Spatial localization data
_ _ _ _ _ _ _
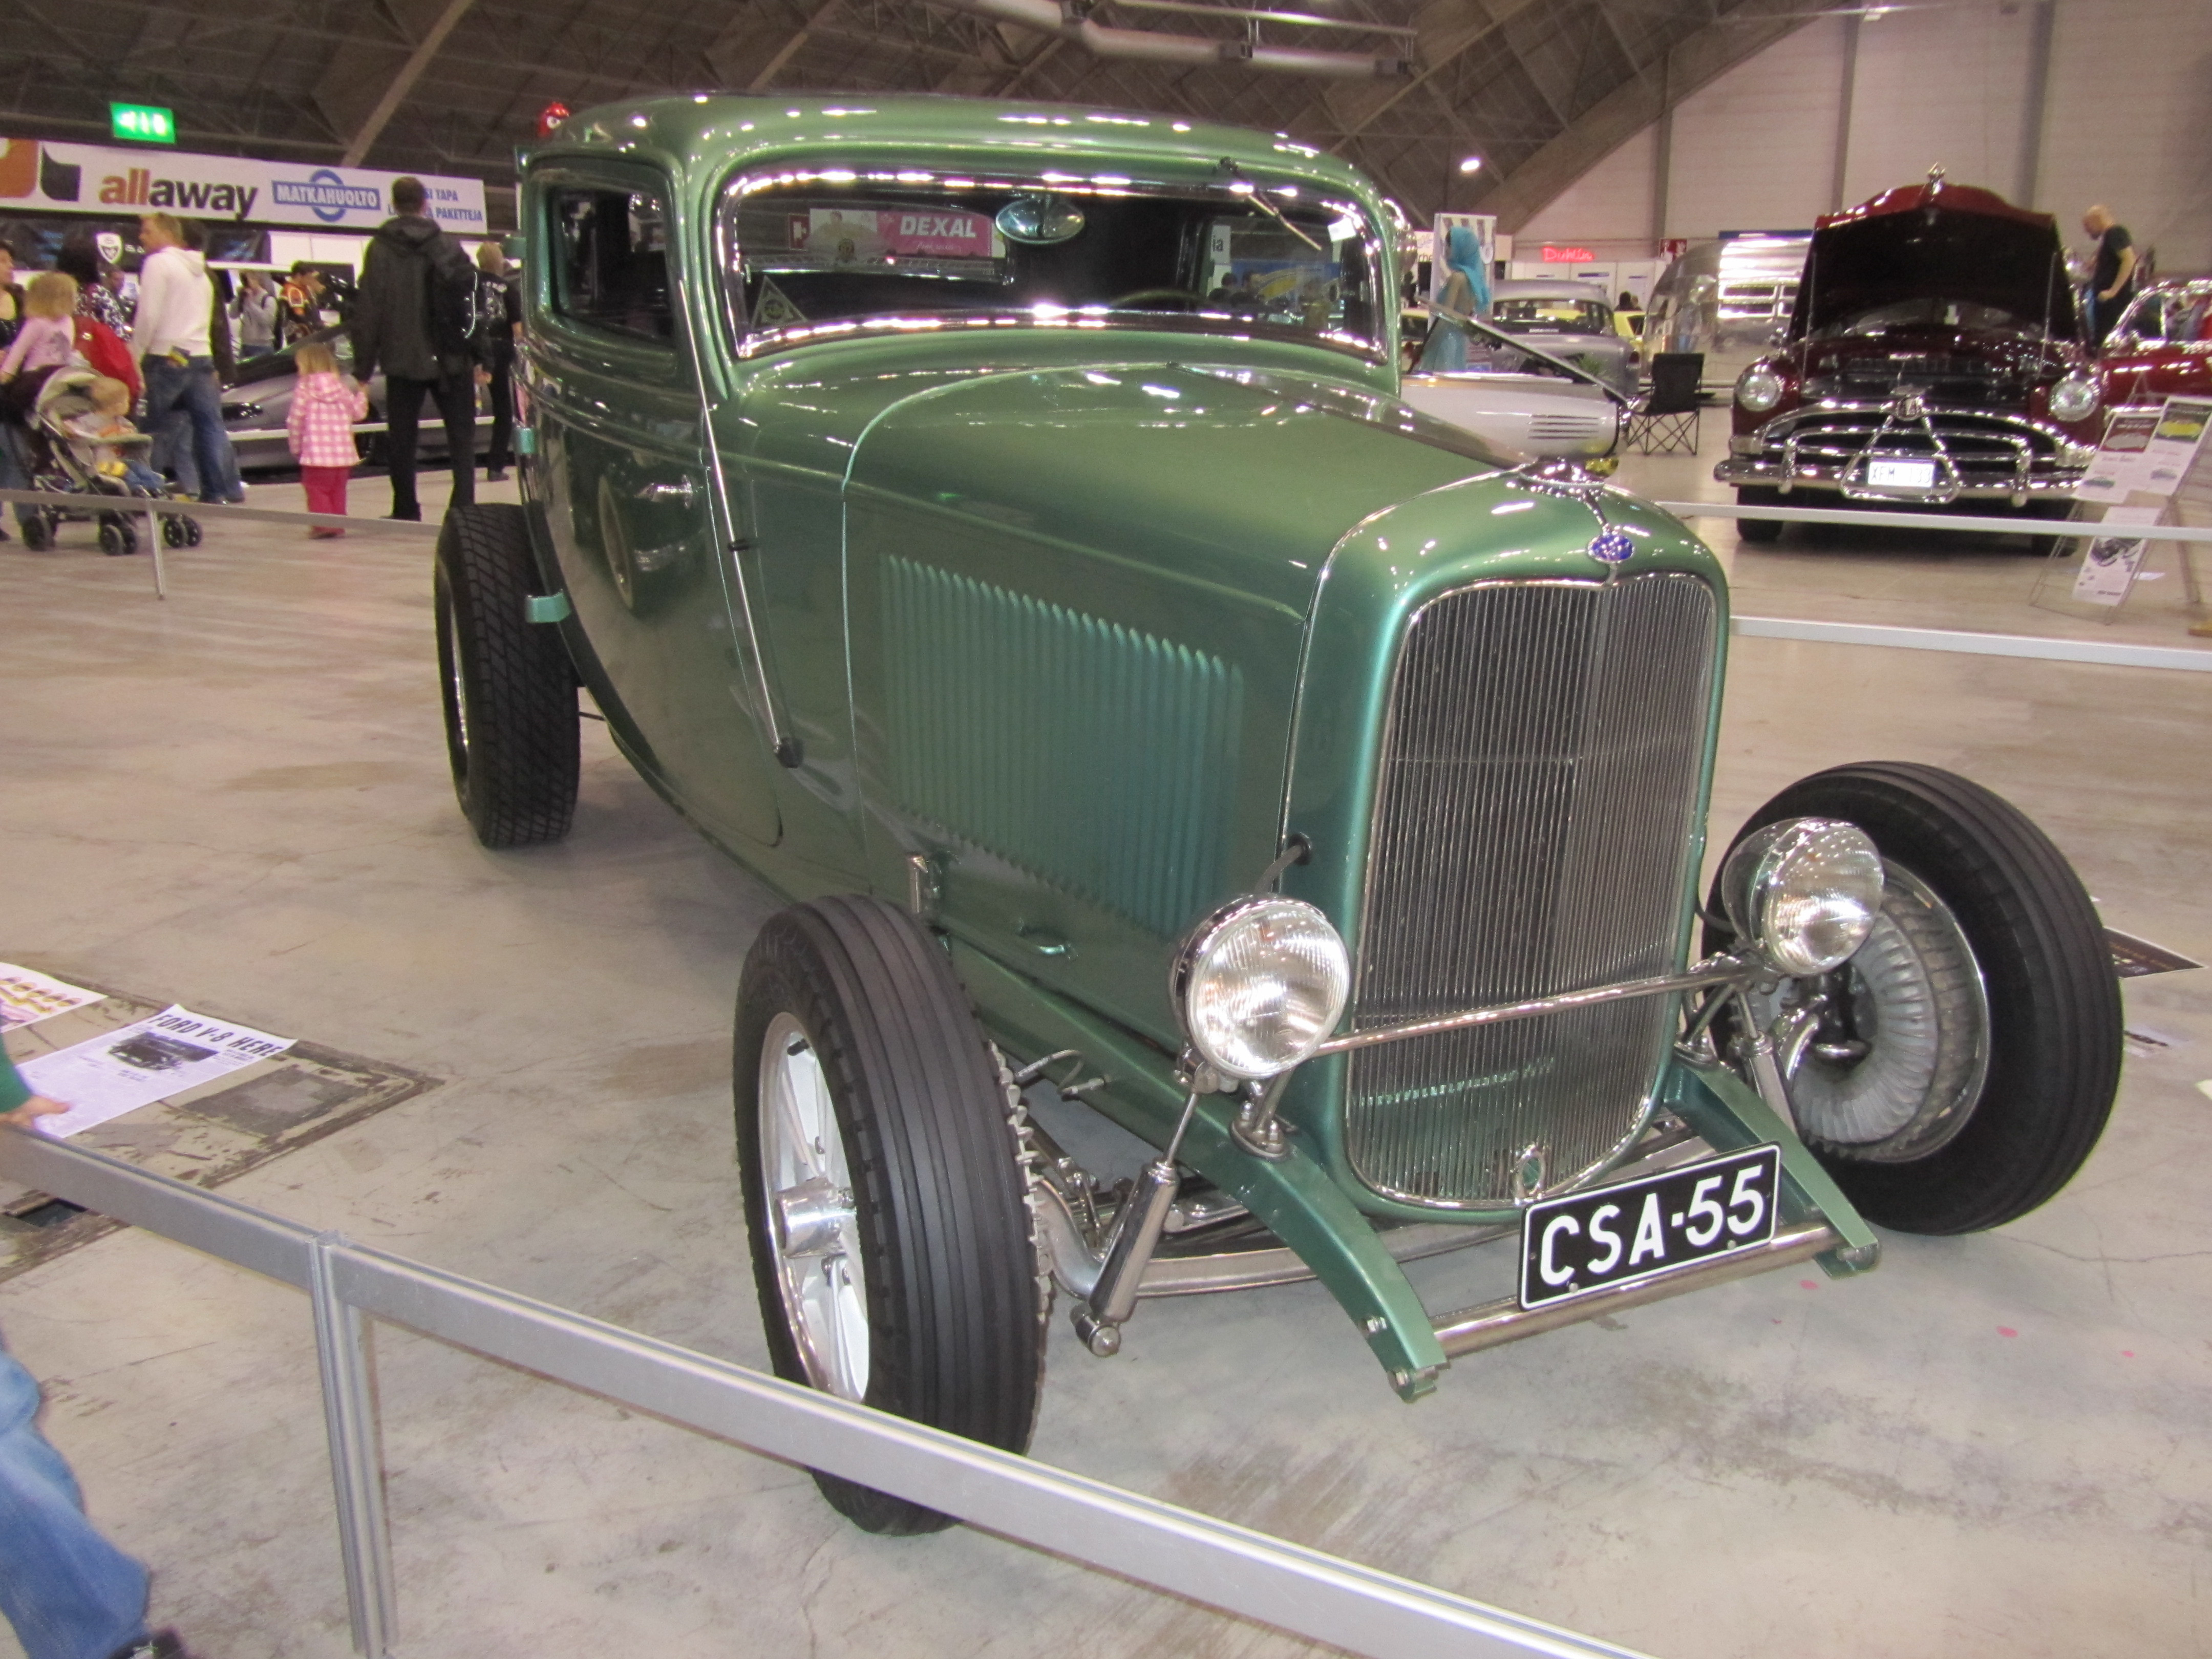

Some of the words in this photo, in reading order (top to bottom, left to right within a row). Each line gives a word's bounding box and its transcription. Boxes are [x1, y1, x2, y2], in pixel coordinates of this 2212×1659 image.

[98, 167, 258, 220] allaway
[276, 184, 377, 207] MATKAHUOLTO
[435, 188, 458, 201] TAPA
[436, 206, 483, 221] PAKETTEJA
[900, 215, 977, 238] DEXAL
[1543, 246, 1593, 262] Dublin
[1870, 466, 1896, 481] XFM
[1908, 467, 1931, 483] 133
[148, 1014, 203, 1033] FORD
[195, 1027, 235, 1043] V-8
[226, 1036, 284, 1056] HERE
[1540, 1164, 1765, 1286] CSA-55
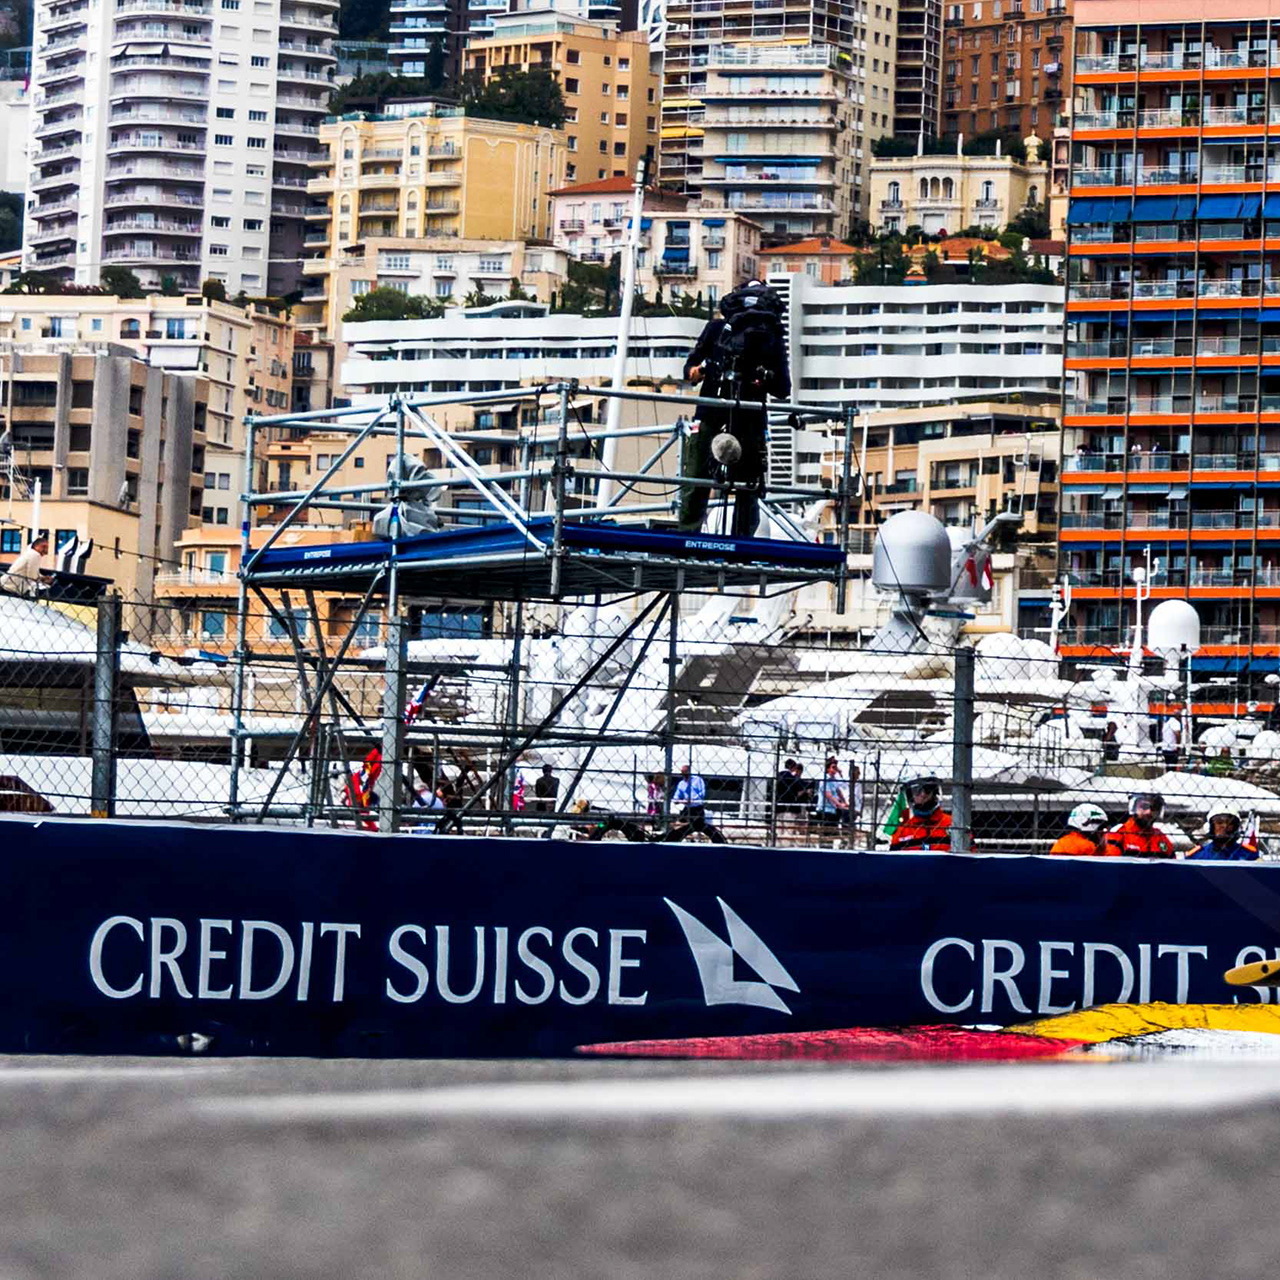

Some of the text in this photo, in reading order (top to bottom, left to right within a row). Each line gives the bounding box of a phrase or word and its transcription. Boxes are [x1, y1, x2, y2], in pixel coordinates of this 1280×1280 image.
_ _ _ _ _ _ _
*Directions for this task*. The answer must restate each entry word for word and contain no images.

*Task output*.
Some of the words in this photo, in reading order (top to bottom, left to right within a row). Each line gives a word's bounding box and its transcription. Boxes are [x1, y1, x2, y2], in pixel coordinates of this 2212×1659 image.

[98, 167, 258, 220] allaway
[276, 184, 377, 207] MATKAHUOLTO
[435, 188, 458, 201] TAPA
[436, 206, 483, 221] PAKETTEJA
[900, 215, 977, 238] DEXAL
[1543, 246, 1593, 262] Dublin
[1870, 466, 1896, 481] XFM
[1908, 467, 1931, 483] 133
[148, 1014, 203, 1033] FORD
[195, 1027, 235, 1043] V-8
[226, 1036, 284, 1056] HERE
[1540, 1164, 1765, 1286] CSA-55

Some of the text in this photo, in reading order (top to bottom, left to right within a row). Each line gives the bounding box of a phrase or word and its transcription. Boxes are [x1, y1, x2, y2], in pixel coordinates of this 1280×1280 image.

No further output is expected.